How to complete this task -
In the entries below, repeat only the lines between those holding "this 1512×1344 image." and "this 1280×960 image.", inclusive. Leave pictures out.

Material supplied -
• • • • •

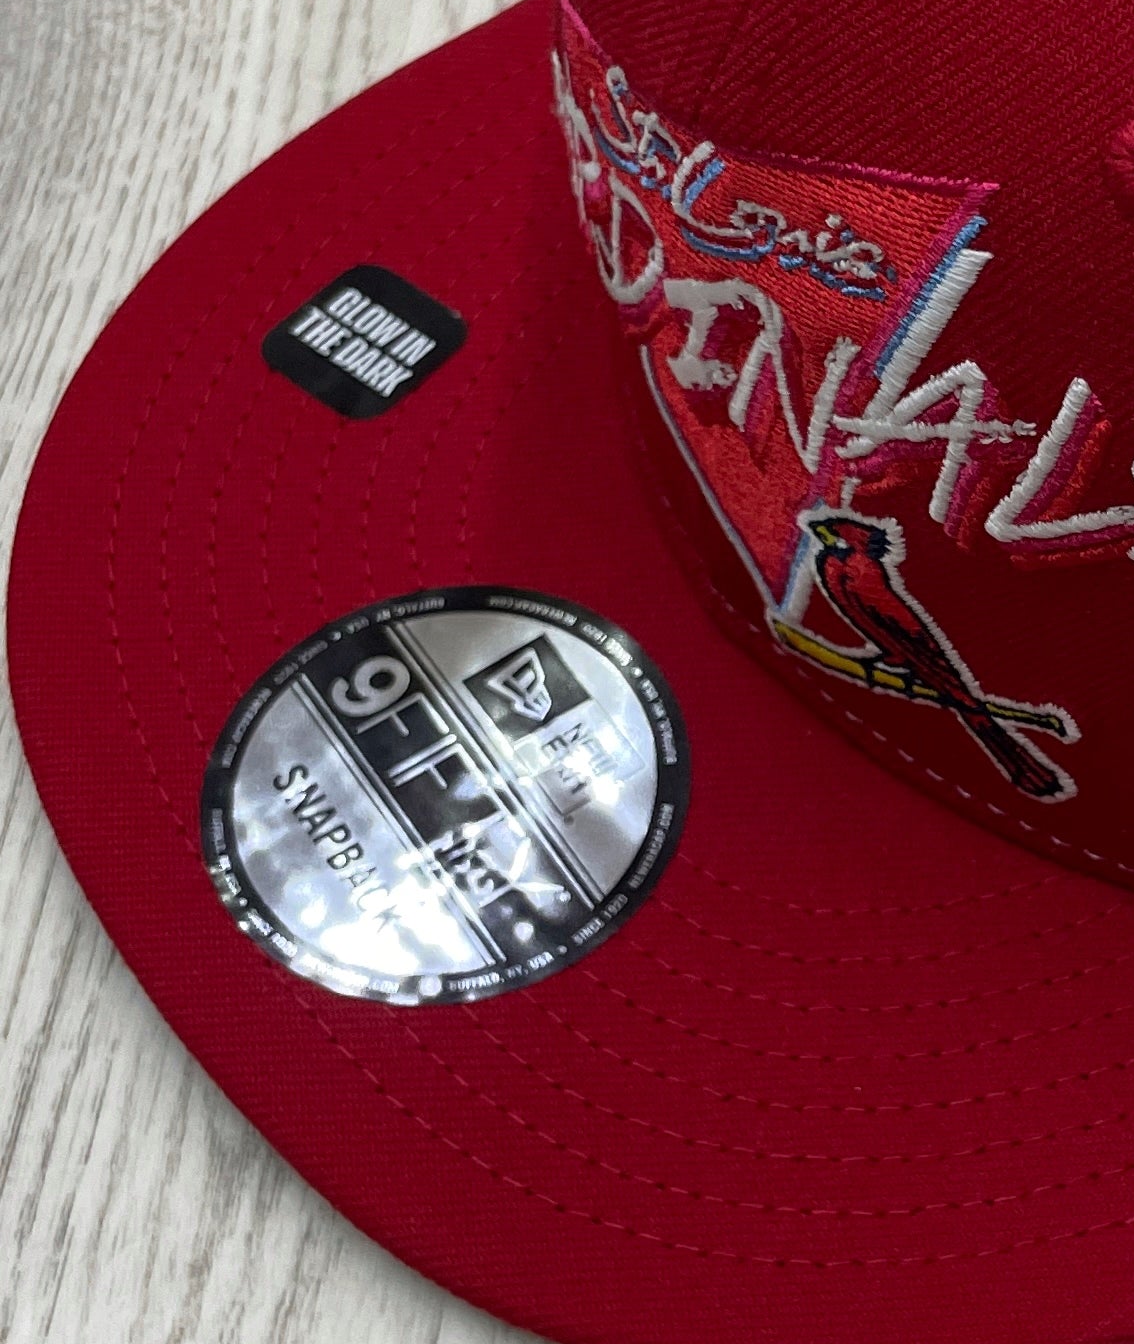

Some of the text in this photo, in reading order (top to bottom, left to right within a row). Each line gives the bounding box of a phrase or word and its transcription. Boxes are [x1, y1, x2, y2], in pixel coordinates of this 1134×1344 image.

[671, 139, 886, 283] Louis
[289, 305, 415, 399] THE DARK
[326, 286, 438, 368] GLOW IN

• • • • •

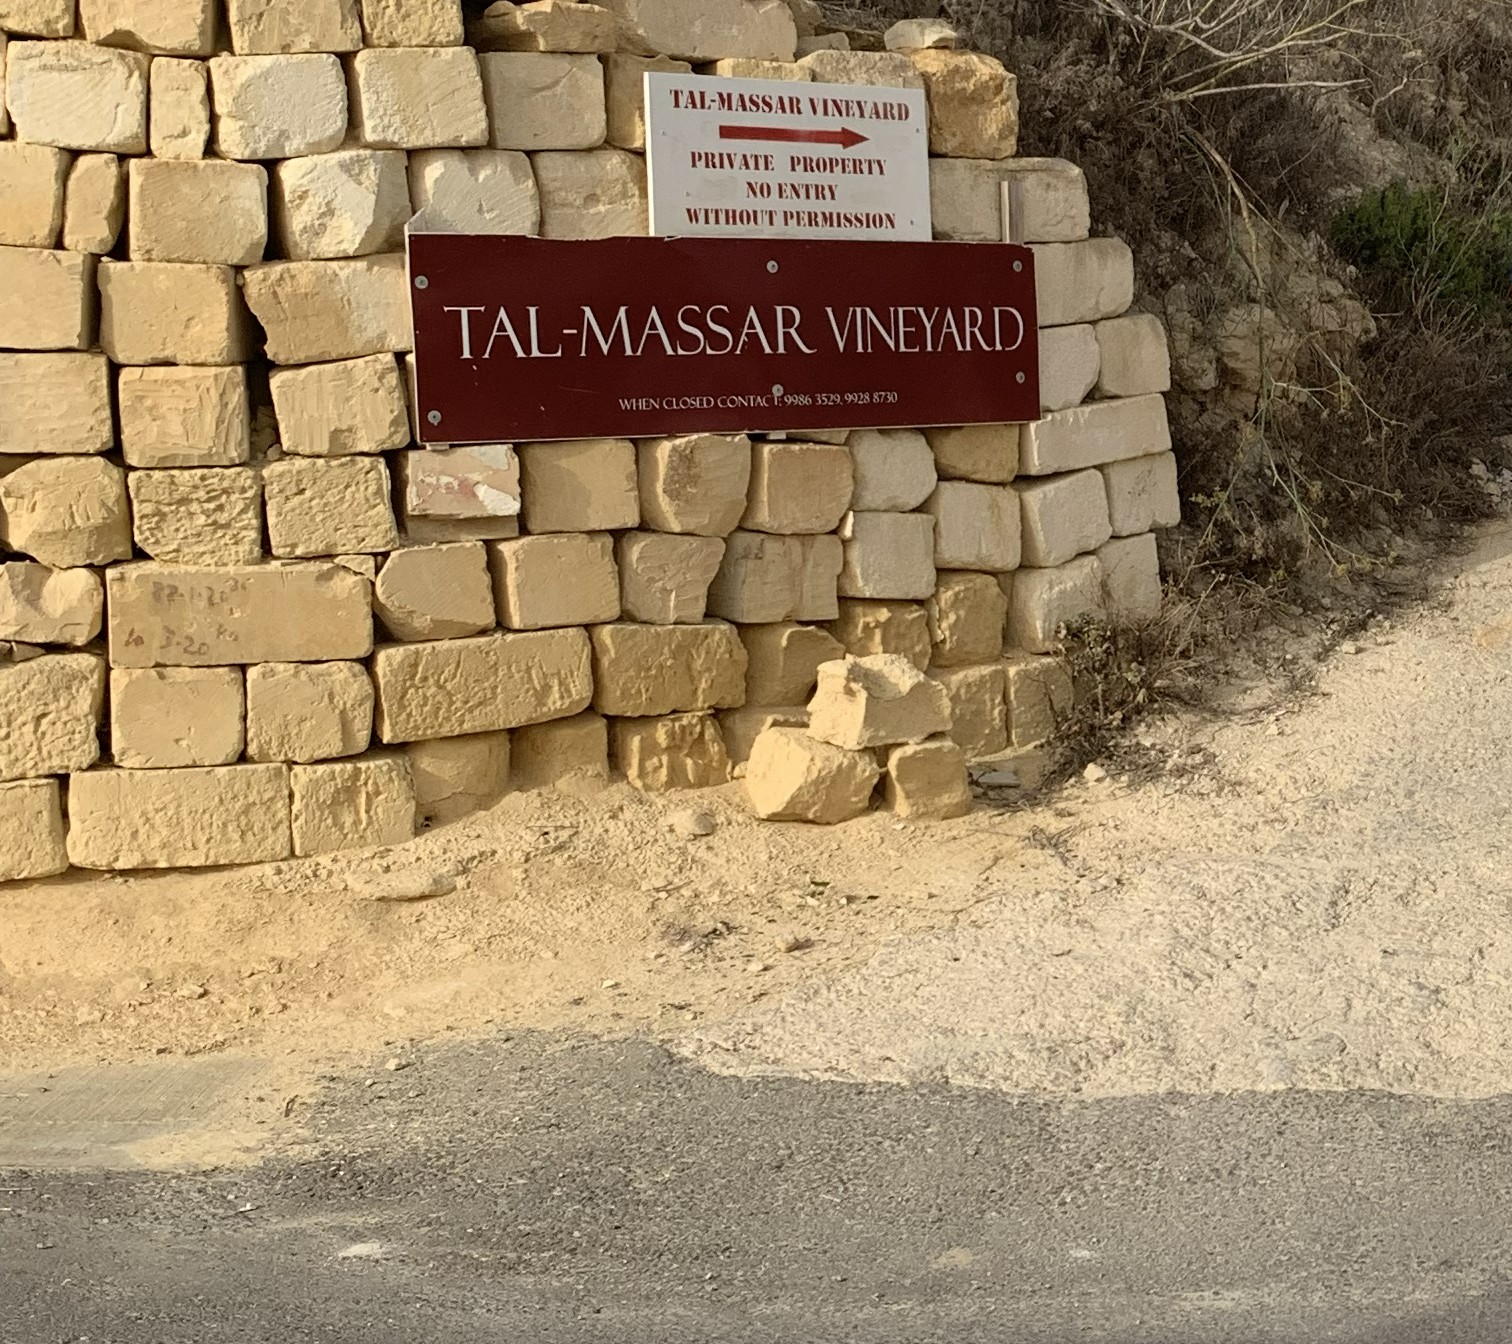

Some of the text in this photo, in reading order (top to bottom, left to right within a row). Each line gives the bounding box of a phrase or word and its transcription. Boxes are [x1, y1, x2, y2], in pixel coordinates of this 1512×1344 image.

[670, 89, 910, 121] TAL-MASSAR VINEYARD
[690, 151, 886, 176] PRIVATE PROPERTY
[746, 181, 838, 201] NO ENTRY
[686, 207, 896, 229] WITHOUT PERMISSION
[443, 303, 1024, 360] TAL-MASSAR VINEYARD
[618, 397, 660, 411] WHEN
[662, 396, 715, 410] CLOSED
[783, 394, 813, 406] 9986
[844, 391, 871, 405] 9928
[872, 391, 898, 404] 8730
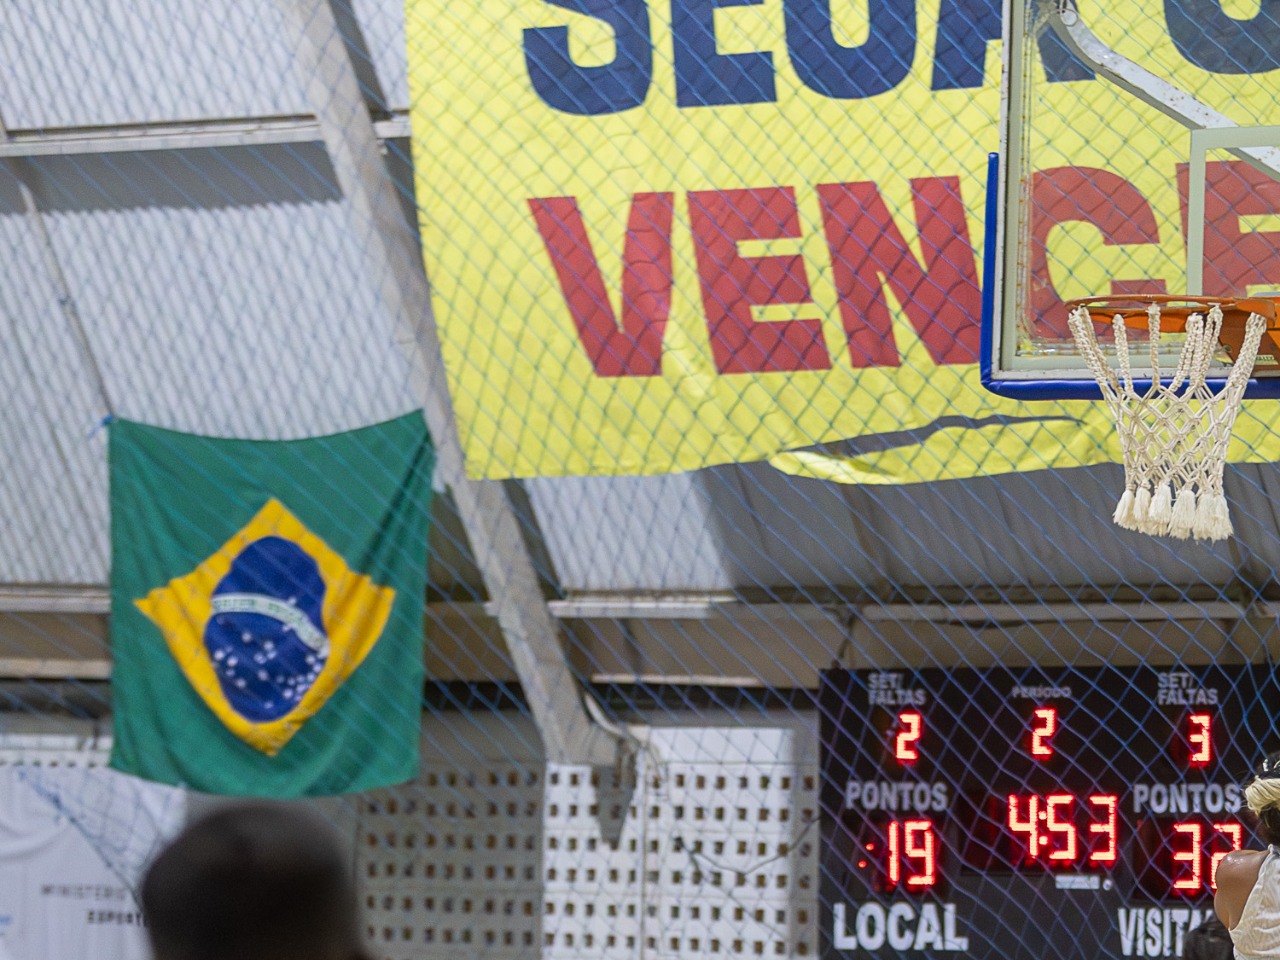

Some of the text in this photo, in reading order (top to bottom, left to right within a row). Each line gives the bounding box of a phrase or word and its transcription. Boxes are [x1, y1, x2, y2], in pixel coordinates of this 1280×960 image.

• • • • •

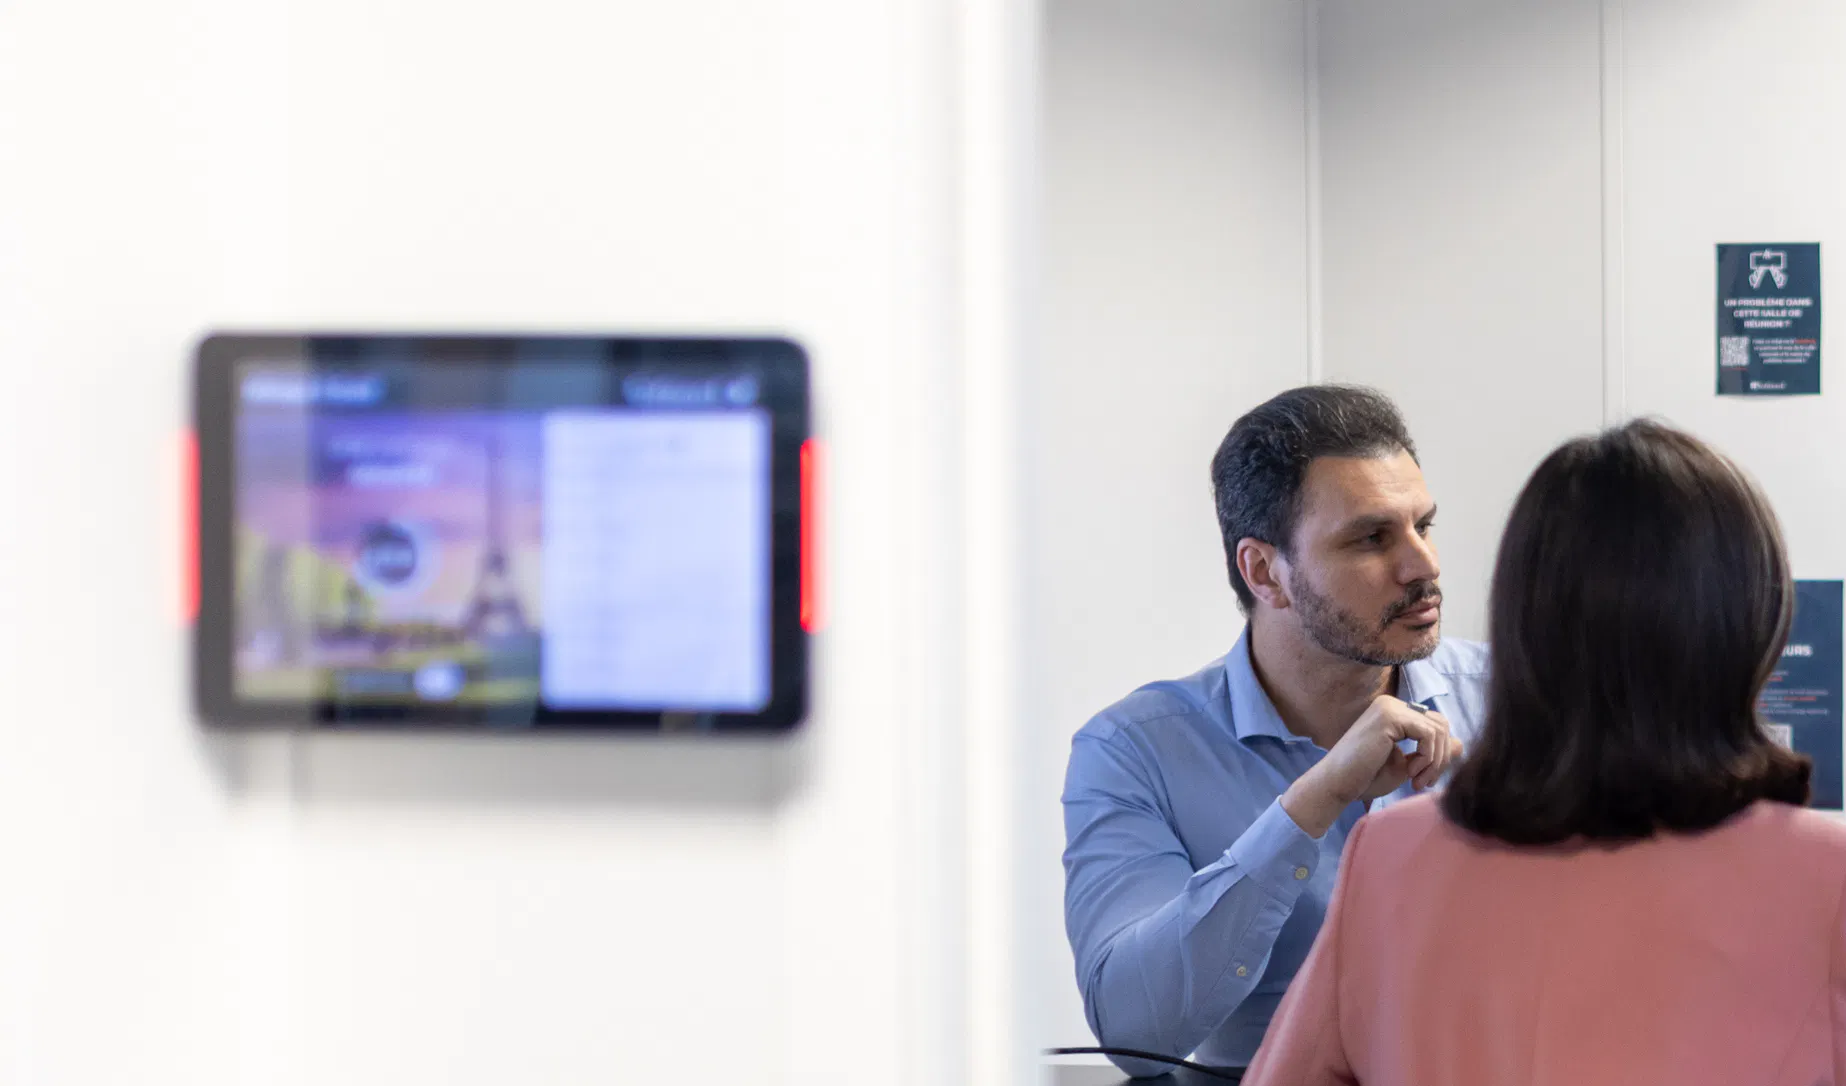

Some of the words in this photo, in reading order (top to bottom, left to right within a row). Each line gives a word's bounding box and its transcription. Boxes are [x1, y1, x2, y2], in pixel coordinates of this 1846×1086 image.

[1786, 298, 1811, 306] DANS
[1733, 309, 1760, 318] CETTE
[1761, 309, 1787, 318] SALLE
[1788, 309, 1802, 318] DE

• • • • •

The completed task -
Some of the text in this photo, in reading order (top to bottom, left to right within a row). Each line gives the bounding box of a phrase or word and its transcription. Boxes are [x1, y1, x2, y2], in pixel coordinates of this 1512×1344 image.

[670, 89, 910, 121] TAL-MASSAR VINEYARD
[690, 151, 886, 176] PRIVATE PROPERTY
[746, 181, 838, 201] NO ENTRY
[686, 207, 896, 229] WITHOUT PERMISSION
[443, 303, 1024, 360] TAL-MASSAR VINEYARD
[618, 397, 660, 411] WHEN
[662, 396, 715, 410] CLOSED
[783, 394, 813, 406] 9986
[844, 391, 871, 405] 9928
[872, 391, 898, 404] 8730

Some of the text in this photo, in reading order (top to bottom, left to right within a row). Each line gives the bounding box of a phrase or word and its transcription. Boxes are [x1, y1, x2, y2], in pixel coordinates of this 1280×960 image.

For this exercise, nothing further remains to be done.